Salimos. Yo iba en piyama
y con pantuflas. Todavía estaba oscuro y se veía la luna. Caminamos hasta llegar
al carro de repartir leche, que tiraba un caballo. El caballo estaba muy
quieto.
-Fijate -dijo mi padre.
Agarró un terrón de azúcar y se lo puso adelante al caballo. El caballo se lo
sacó de la palma de la mano y se lo comió. -Ahora tratá de hacerlo vos… -Y me
puso un terrón en la mano. El caballo era muy grande. -¡Acercate más! ¡Y mantené
la mano quieta!
Yo tenía miedo de que el
caballo me arrancara la mano de un mordiscón. Cuando bajó la cabeza vi los
agujeros del hocico mientras los labios se le contraían, vi la lengua y los
dientes, y entonces el terrón de azúcar desapareció.
-Dale, probá otra vez.
Probé otra vez. El
caballo recogió el terrón de azúcar y sacudió la cabeza.
-Bueno -dijo mi padre.
-Ahora vamos a casa antes de que el caballo se te cague arriba.
No me dejaban jugar con
otros chiquilines.
-Son niños malos -decía
mi padre. -Hijos de gente pobre.
-Sí -le daba la razón mi
madre.
Mis padres querían ser
ricos y se imaginaban que eran ricos.
Los primeros niños de mi
edad que conocía fueron mis compañeros del jardín de infantes. Eran raros, se
reían y conversaban y parecían felices. No me caían bien. Me daban ganas de
vomitar y el aire se ponía extrañamente quieto y blanco. Pintábamos con acuarelas.
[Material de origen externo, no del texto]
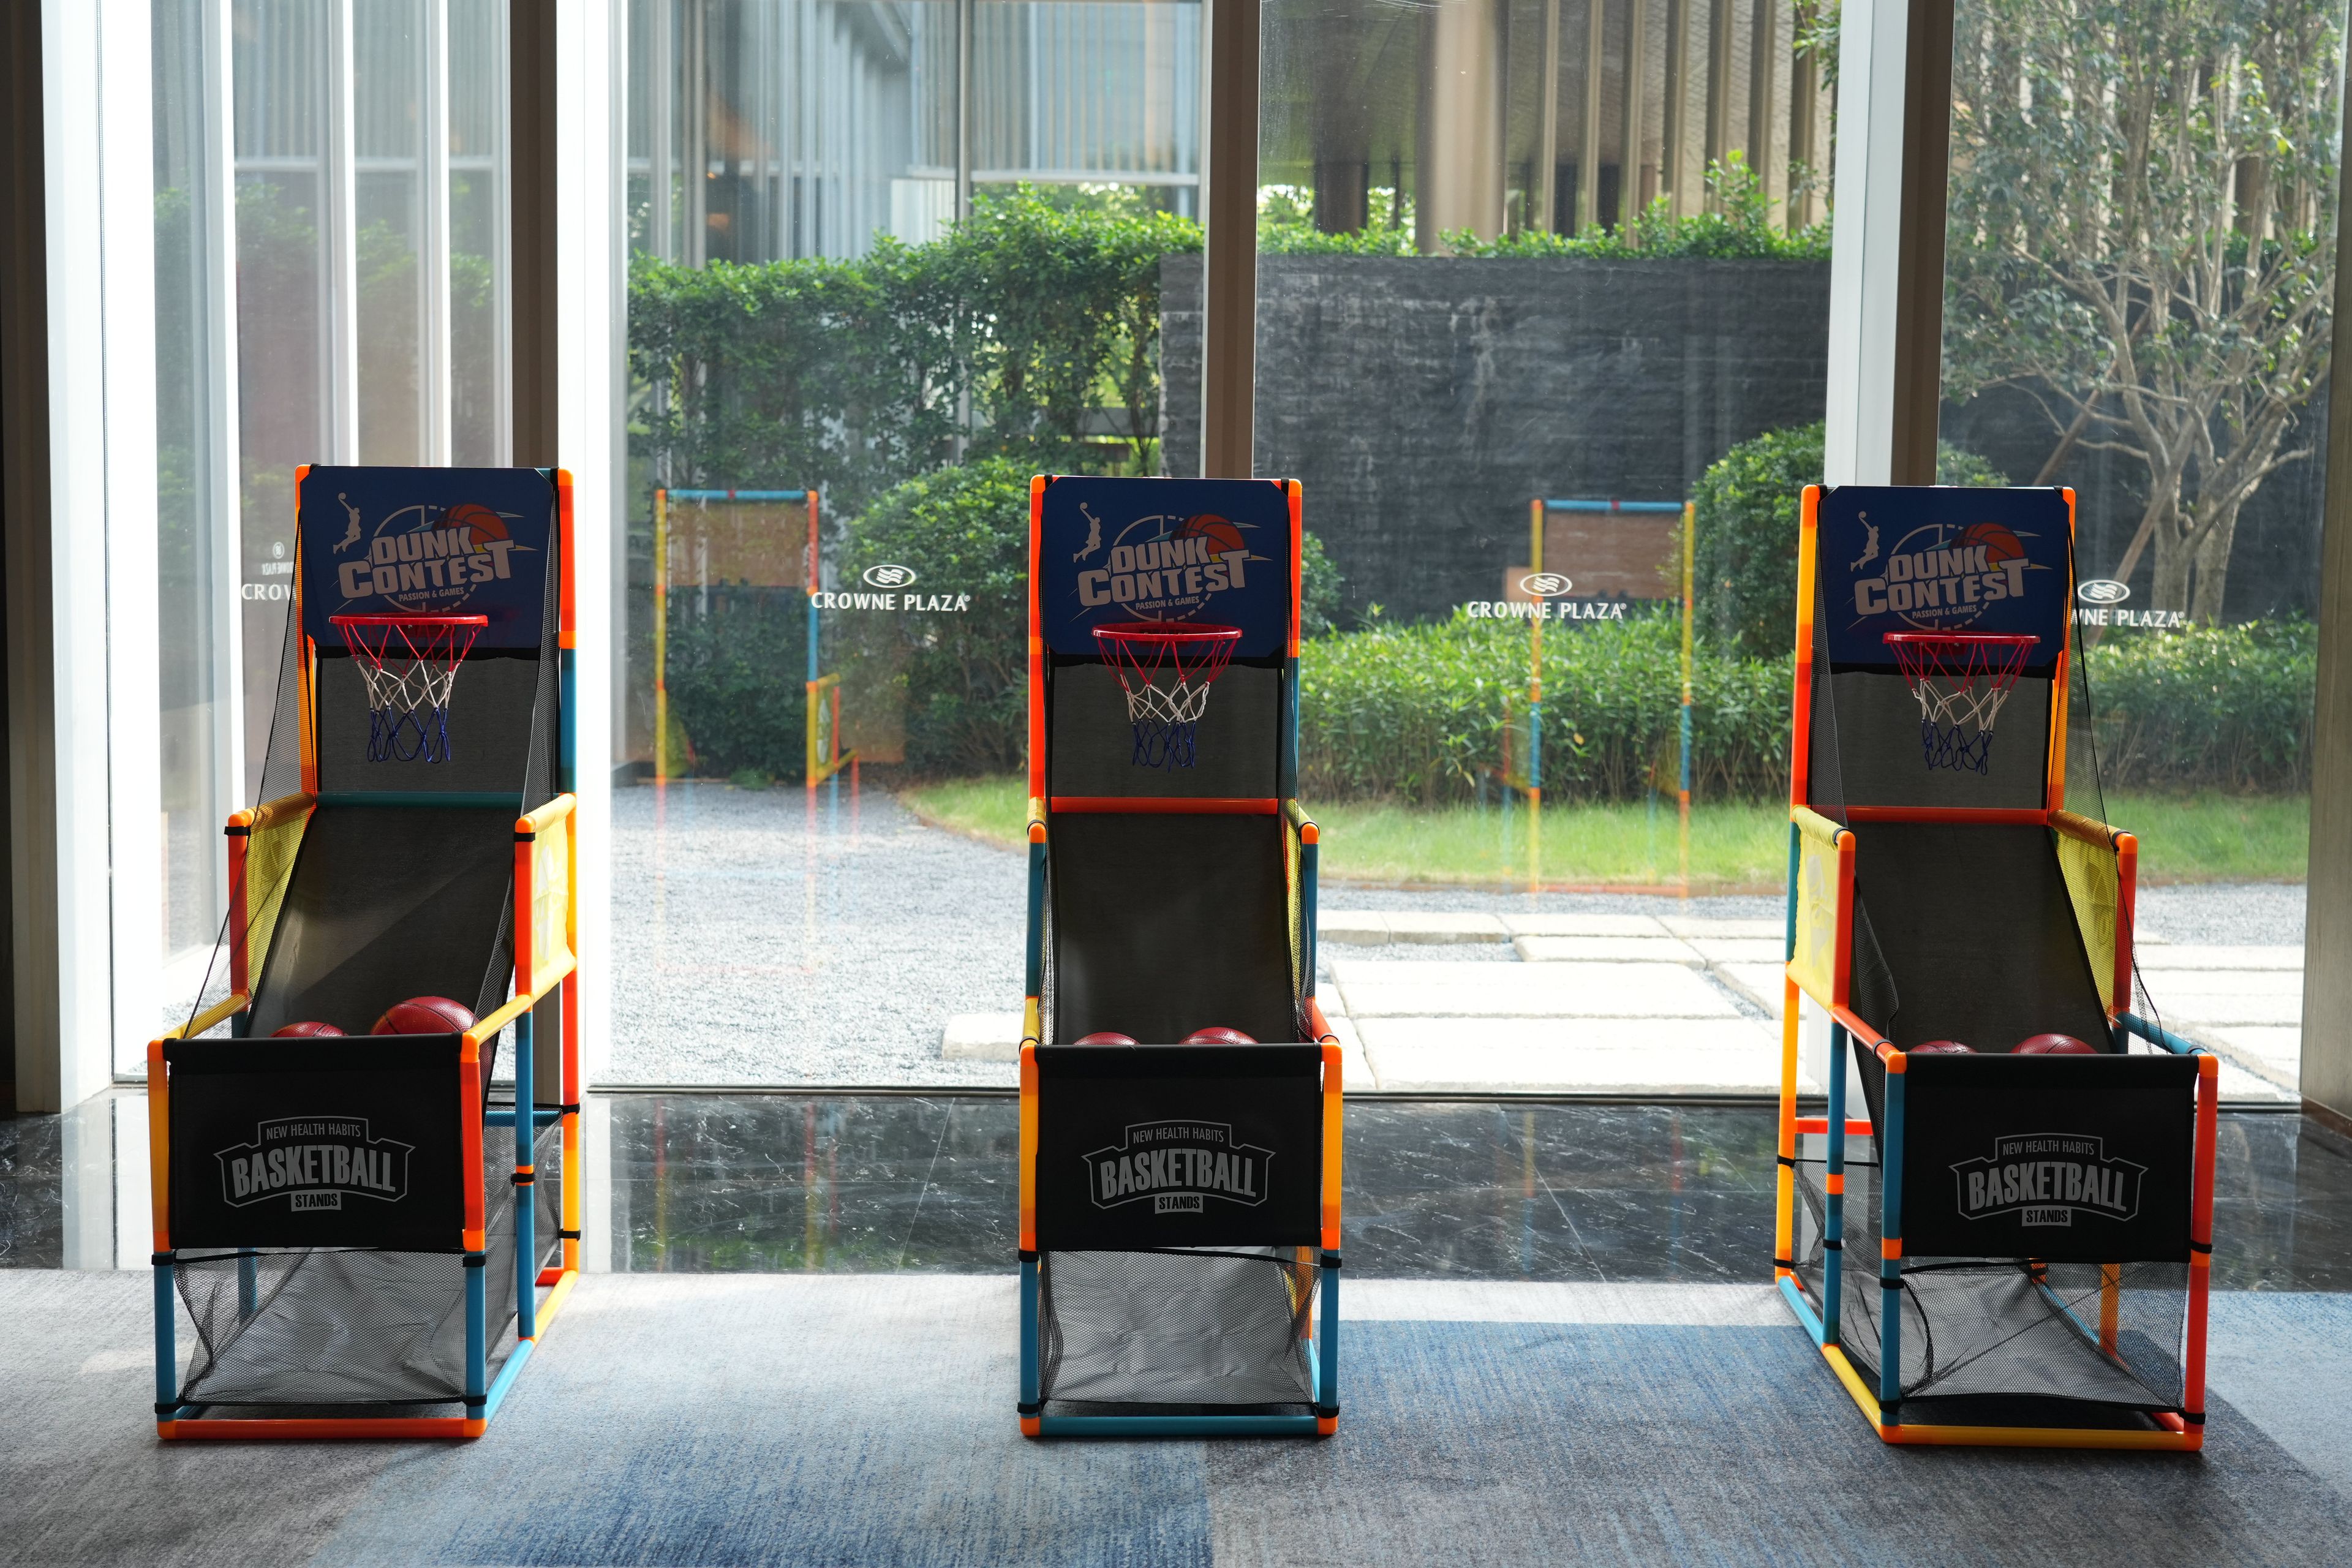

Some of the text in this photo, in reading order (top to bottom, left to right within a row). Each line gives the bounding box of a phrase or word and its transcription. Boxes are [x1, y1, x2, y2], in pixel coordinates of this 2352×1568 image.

[371, 527, 475, 565] DUNK
[1110, 536, 1210, 573] DUNK
[338, 540, 514, 598] CONTEST
[1888, 545, 1989, 582] DUNK
[1077, 549, 1250, 606] CONTEST
[399, 587, 464, 602] PASSION & GAMES
[1854, 558, 2029, 616] CONTEST
[811, 592, 896, 611] CROWNE
[1136, 599, 1166, 610] PASSION
[1175, 595, 1200, 606] GAMES
[1467, 601, 1551, 619] CROWNE
[1912, 607, 1943, 619] PASSION
[1952, 604, 1977, 614] GAMES
[266, 1123, 361, 1140] NEW HEALTH HABITS
[1133, 1126, 1224, 1144] NEW HEALTH HABITS
[2003, 1140, 2095, 1156] NEW HEALTH HABITS
[232, 1144, 396, 1198] BASKETBALL
[1100, 1148, 1256, 1200] BASKETBALL
[1968, 1161, 2127, 1212] BASKETBALL
[295, 1193, 338, 1207] STANDS
[1159, 1196, 1200, 1210] STANDS
[2026, 1210, 2068, 1223] STANDS
Un día plantamos semillas de rábanos en el jardín y después de unas semanas los
comimos con sal. La que me caía bien y me gustaba mucho más que mis padres era
la señorita que nos daba las clases. Uno de mis peores problemas era tener que
ir al baño. Yo siempre tenía ganas de ir pero me daban vergüenza que los otros
lo supieran, así que me aguantaba. Aguantar era terrible. Y el aire se ponía
blanco y sentía ganas de vomitar, y tenía ganas de cagar y mear, pero no decía
nada. Y cuando alguno de los otros volvía del baño yo pensaba, ah sorete,
acabás de mandarte una cagada…
Me gustaban las niñas con
sus vestiditos cortos, el pelo largo y los ojos hermosos, pero ellas también
cagaban, pensaba yo, aunque trataran de fingir que no.
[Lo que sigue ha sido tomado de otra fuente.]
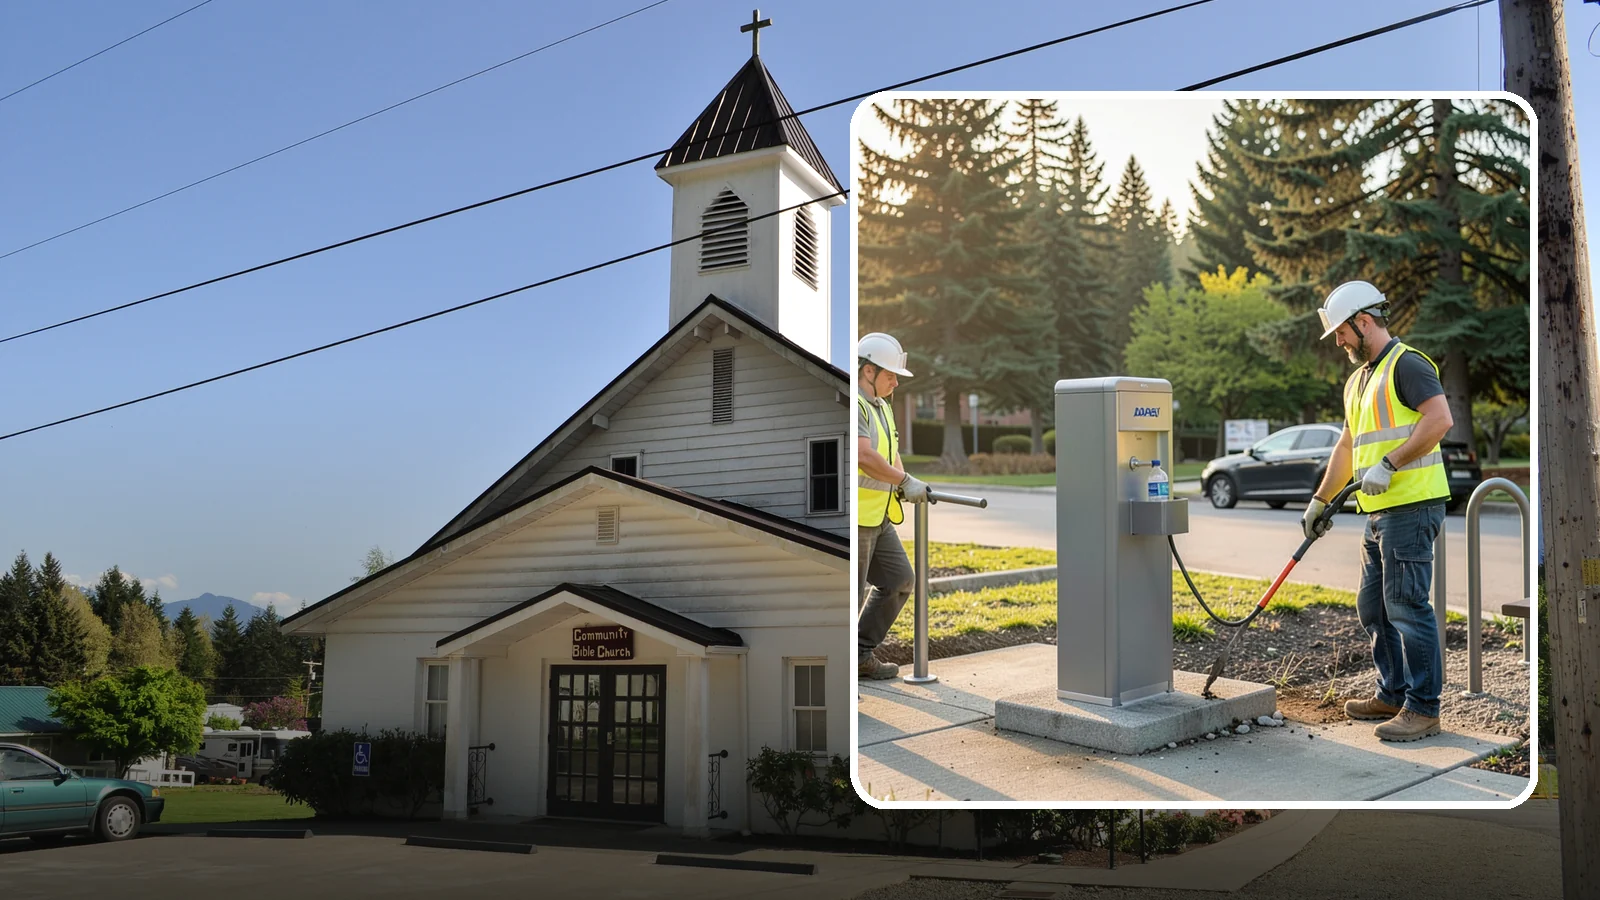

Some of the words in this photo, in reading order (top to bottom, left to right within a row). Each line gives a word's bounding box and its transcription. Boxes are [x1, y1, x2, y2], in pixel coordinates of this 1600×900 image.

[574, 627, 628, 641] Community
[573, 644, 595, 657] Bible
[597, 645, 630, 657] Church
El jardín de infantes era,
más que nada, aquel aire blanco….
Los años en la escuela
primaria, de primero a sexto, fueron diferentes. Había chiquilines que tenían
doce años, y todos venían de los barrios pobres. Empecé a ir al baño, pero nada
más que para hacer pichí. Un día vi a un niño chico tomando agua en el bebedero.
De golpe apareció uno más grande y le reventó la cabeza contra el bebedero.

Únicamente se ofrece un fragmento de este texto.